EMD 28422 (N6-[2-(4-chlorophenyl)-bicyclo-2.2.2.octyl-(3)]-adenosine) was demonstrated to increase the number of binding sites for [3H]diazepam (Bmax) in vitro without an accompanying increase in receptor affinity (KD). The increase in receptor number was observed in both crude synaptosomal preparations (P2) and thrice-washed membrane preparations with and without the addition of 50 microM GABA. Furthermore, this effect appeared to be independent of the concentration of chloride ion, since the increases in Bmax were observed in both Tris-HCl and Tris-maleate buffer. The effects of EMD 28422 were stereospecifically antagonized by the GABA antagonist bicuculline, despite the lack of effect of EMD 28422 on [3H]muscimol binding at concentrations which markedly increased benzodiazepine receptor number.

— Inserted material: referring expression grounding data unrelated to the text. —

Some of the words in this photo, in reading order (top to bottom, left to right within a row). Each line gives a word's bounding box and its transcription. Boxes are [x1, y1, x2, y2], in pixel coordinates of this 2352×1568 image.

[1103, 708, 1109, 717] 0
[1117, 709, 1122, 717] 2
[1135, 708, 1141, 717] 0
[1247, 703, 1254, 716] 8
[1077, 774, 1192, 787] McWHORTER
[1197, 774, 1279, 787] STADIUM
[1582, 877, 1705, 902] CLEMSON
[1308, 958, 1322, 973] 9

Neither EMD 39011 nor adenosine, the two parent moieties of EMD 28422, increased [3H]diazepam binding at concentrations of up to 1 mM. The increases in benzodiazepine receptor number observed with EMD 28422 in vitro suggests that this compound induces a conformational change in the benzodiazepine receptor which may cause the dissociation of an endogenous noncompetitive inhibitor of [3H]diazepam binding from the membrane, thus 'unmasking' binding sites. The stereospecific antagonism of this effect by bicuculline and the apparent inability of GABA to alter the action of EMD 28422 suggests the presence of a novel type or different functional state of GABA receptor which may play a permissive role in the rapid modulation of benzodiazepine receptor number in vitro.